Students’ ethical thinking will be the focus of college competition
Six Catawba College students are poised to represent the college in the fourth annual North Carolina Independent Colleges and Universities’ Ethics Bowl, which will be held Feb. 6 and 7 at the Campbell University School of Law in Raleigh.
The students include Blake Brewer of Efland; Justin Burroughs of Salisbury; Sarah Bushey of Ontario, New York; Michael Downum of Salisbury; Brianna Gordon of Chapel Hill; and Shelby Wellmon of Apex.
Catawba’s chaplain and senior vice-president, the Rev. Dr. Ken Clapp, who also teaches classes on business ethics, worked with North Carolina Independent Colleges and Universities and Dr. Jesse McCartney, a former Catawba provost and coordinator of the statewide program for North Carolina Independent Colleges and Universities, to put things in place for Catawba to send a team to the event.
He then asked Dr. Charlie McAllister and Dr. Norris Feeney, members respectively of the history and politics faculty at Catawba, to prep Catawba’s team. Feeney will accompany the students to Raleigh for the competition.
“I have taken teams of students to ethics symposiums for several years and have observed how helpful it is for them to have the opportunity to debate with peers from other institutions,” Clapp said. “It really opens their minds to the importance of addressing issues with a concern for what is right as opposed to just what may be expedient or serve special interests. The real dilemma often is in deciding what is ‘right.’ These debates help the students develop critical thinking skills which will serve them well throughout their lives and often inspire a new desire to work for the good.”
Critical thinking for the real world — specifically, ethics in education — will be the focus of the fourth annual North Carolina Independent Colleges and Universities Ethics Bowl. More than 100 college students from 20 of the state’s independent colleges and universities will participate in this year’s competition.
“Students need to understand that corporate America values ethical behavior and appreciates the dilemmas that are often in the day-to-day actions that we take,” says Anne Lloyd, executive vice president and chief financial officer at the Raleigh-based Martin Marietta, one of nearly 20 corporate sponsors of the event.
While actual cases of fraud are rare at Martin Marietta, which employs 7,000 people, the company in the past has terminated senior-level and long-tenured employees for violations of ethical and business conduct, Lloyd says, and employers everywhere should be vigilant in helping their employees avoid improper behavior.

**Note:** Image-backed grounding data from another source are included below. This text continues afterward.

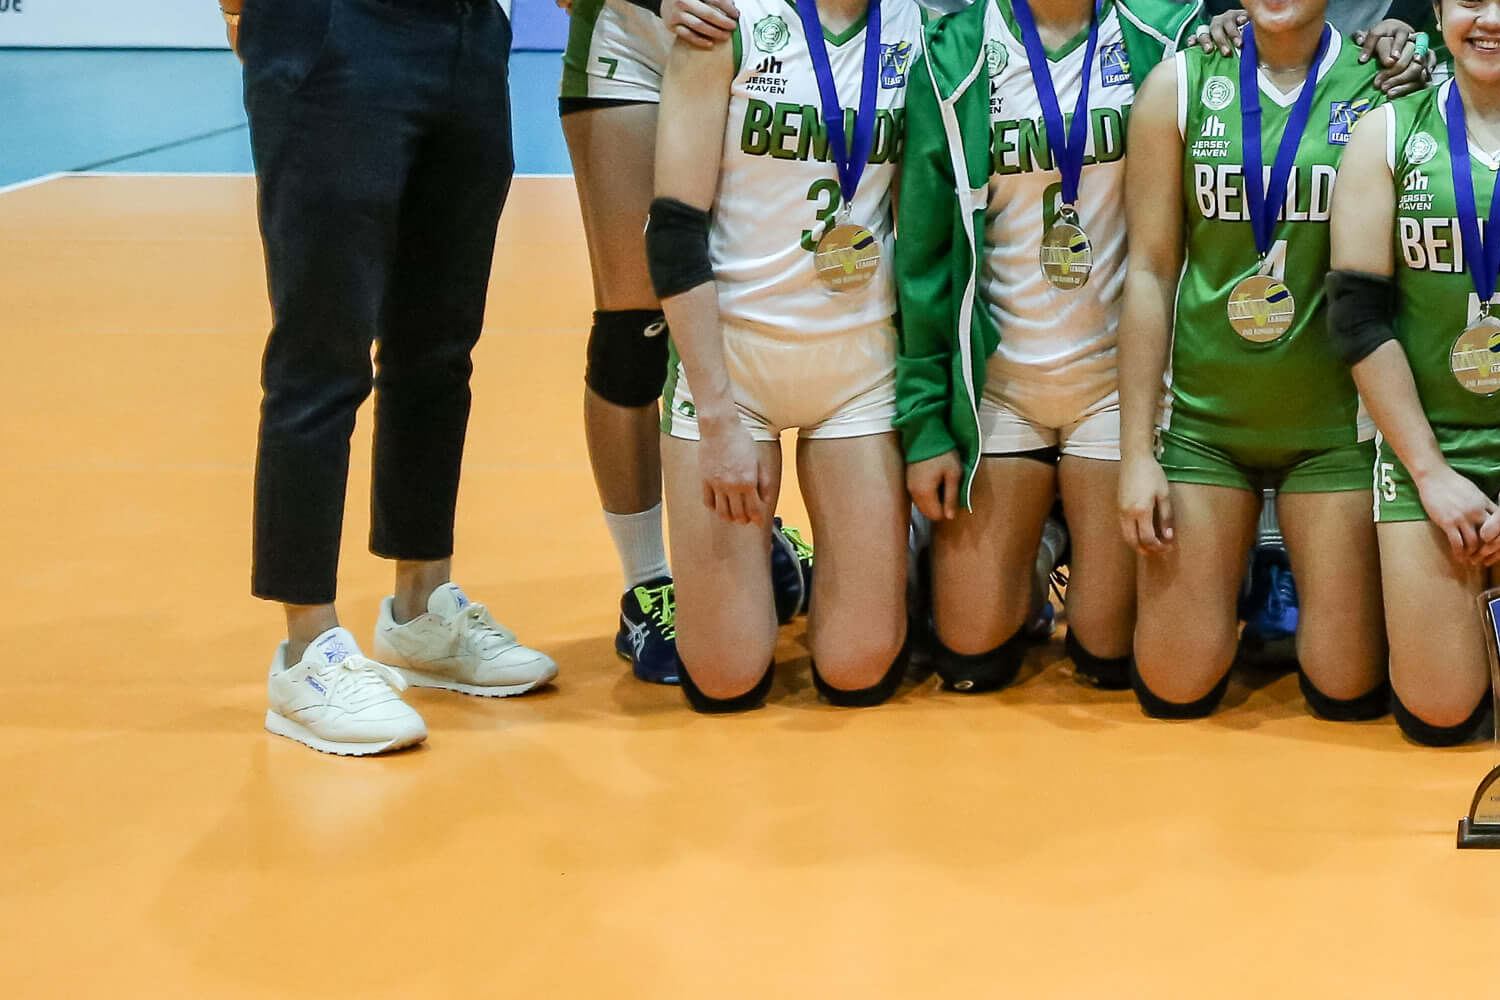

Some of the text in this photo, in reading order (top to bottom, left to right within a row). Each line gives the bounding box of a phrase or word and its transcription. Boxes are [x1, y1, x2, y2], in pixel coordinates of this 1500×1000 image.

[598, 56, 618, 79] 7
[746, 76, 788, 87] JERSEY
[746, 84, 786, 95] HAVEN
[1192, 141, 1231, 149] JERSEY
[1192, 149, 1228, 157] HAVEN
[801, 179, 841, 252] 3
[1381, 462, 1398, 502] 5
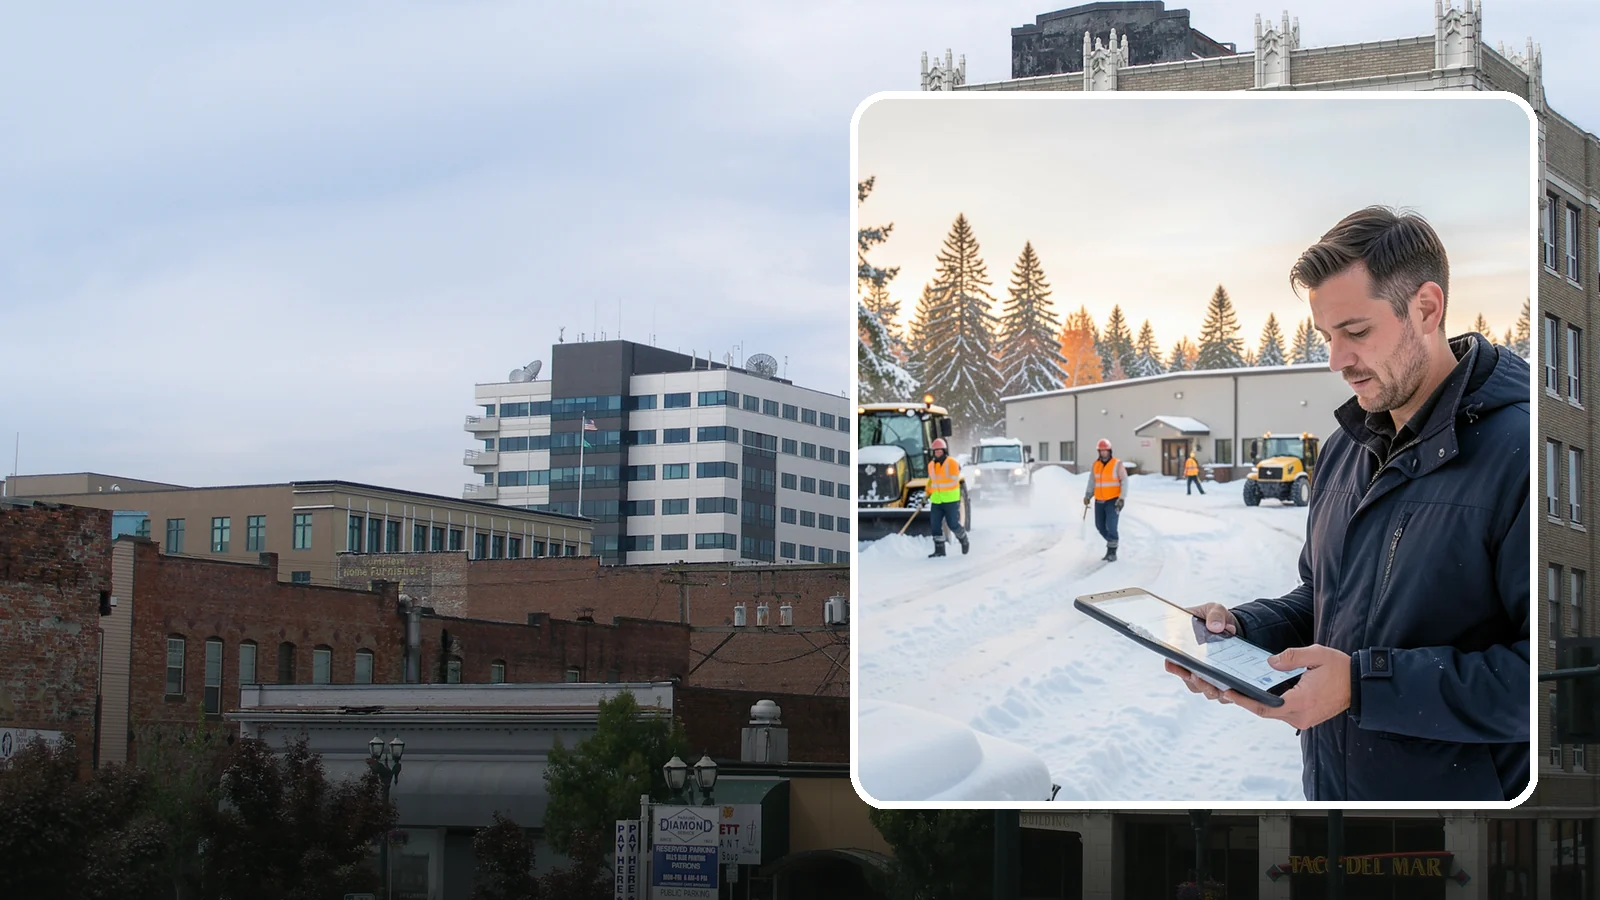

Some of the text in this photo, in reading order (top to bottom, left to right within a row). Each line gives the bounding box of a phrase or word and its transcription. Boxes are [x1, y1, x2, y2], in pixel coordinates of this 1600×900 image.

[370, 566, 427, 576] Furnishers
[660, 818, 713, 832] DIAMOND
[1023, 815, 1069, 827] BUILDING
[720, 824, 740, 835] ETT
[719, 839, 739, 848] ANT
[690, 846, 716, 854] PARKING
[722, 852, 739, 862] Soup
[1289, 855, 1442, 877] TAC DEL MAR
[628, 856, 636, 893] HERE
[684, 890, 710, 898] PARKING
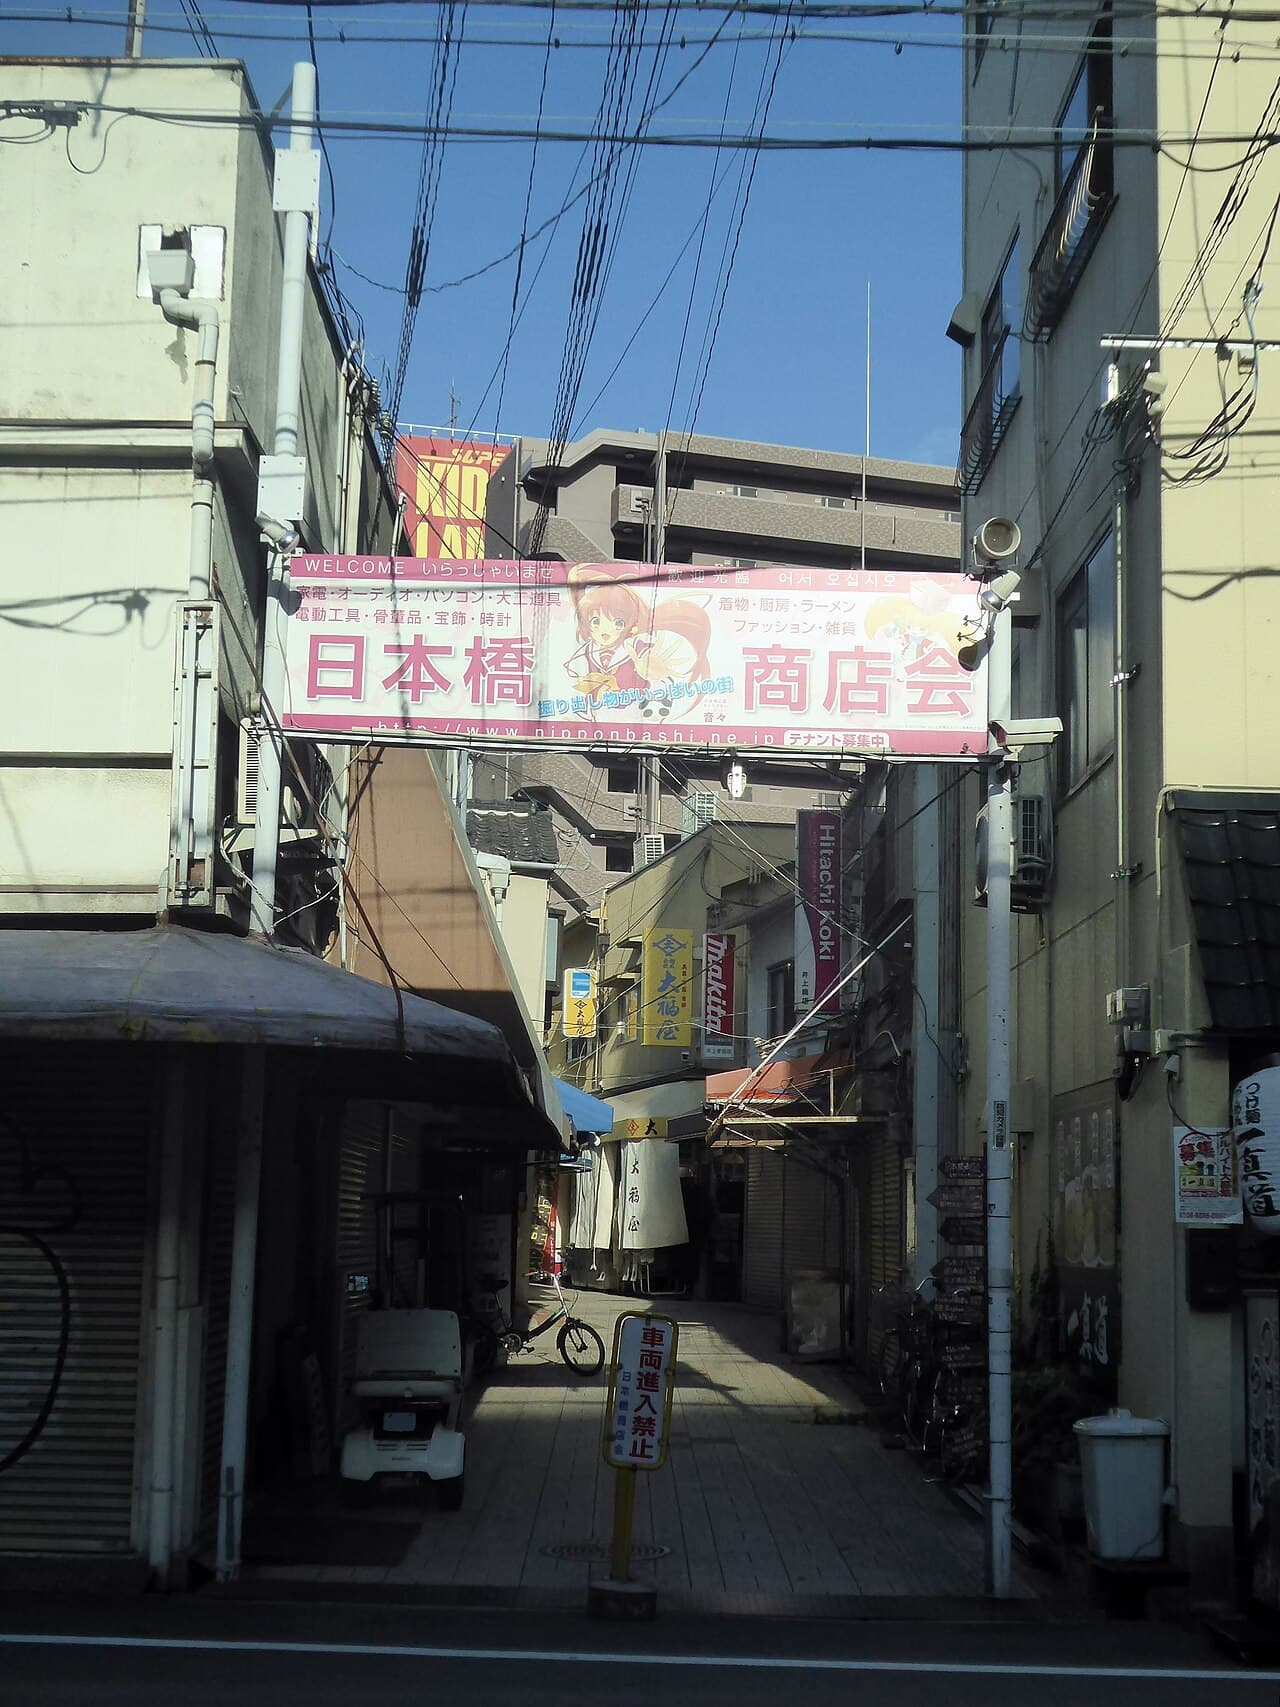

Dr. Hope Williams, president of NCICU, notes her organization created the Ethics Bowl to underscore the indispensable role that ethical thinking and actions play in daily life, and to give students an opportunity to develop the skills to recognize and analyze ethical issues quickly and work in teams to resolve them.
“Ethical thinking prepares students to be workers of high integrity, engaged citizens and responsible adults,” Williams explains.
Business, government and foundation leaders serve as judges and moderators at the Ethics Bowl, which pits student teams against one another through four rounds of debate on ethical questions, including those the students have researched in advance, as well as a surprise question. Following the fourth round for all teams on Saturday, the most successful teams compete in two semi-final rounds, held concurrently, followed by a final round.
“It’s really teaching college students how to identify ethical issues, how to analyze them,” says Holly Wenger, director of ethics and compliance at Duke Energy and a judge in the final round of last year’s Ethics Bowl. “Those are the kind of people that Duke Energy wants.”
Corporations recognize that ethical issues represent a “gray area” in the business world and pose the challenge of “taking divergent views and coming to the right course of action for your company, your shareholders and all other stakeholders,” Lloyd comments.
In addition to the team competition, students participating in the Ethics Bowl will have the opportunity – during the competition and at a reception and dinner at the N.C. Museum of History – to meet corporate, foundation and government leaders from across the state who serve as judges and moderators for the competition.
“In today’s competitive global economy, organizations place a significant value on employees who can see and resolve the ethical questions they face in the workplace every day,” concludes Williams. “The Ethics Bowl reflects the broad effort by North Carolina’s independent colleges and universities to prepare students to think and act critically and responsibly.”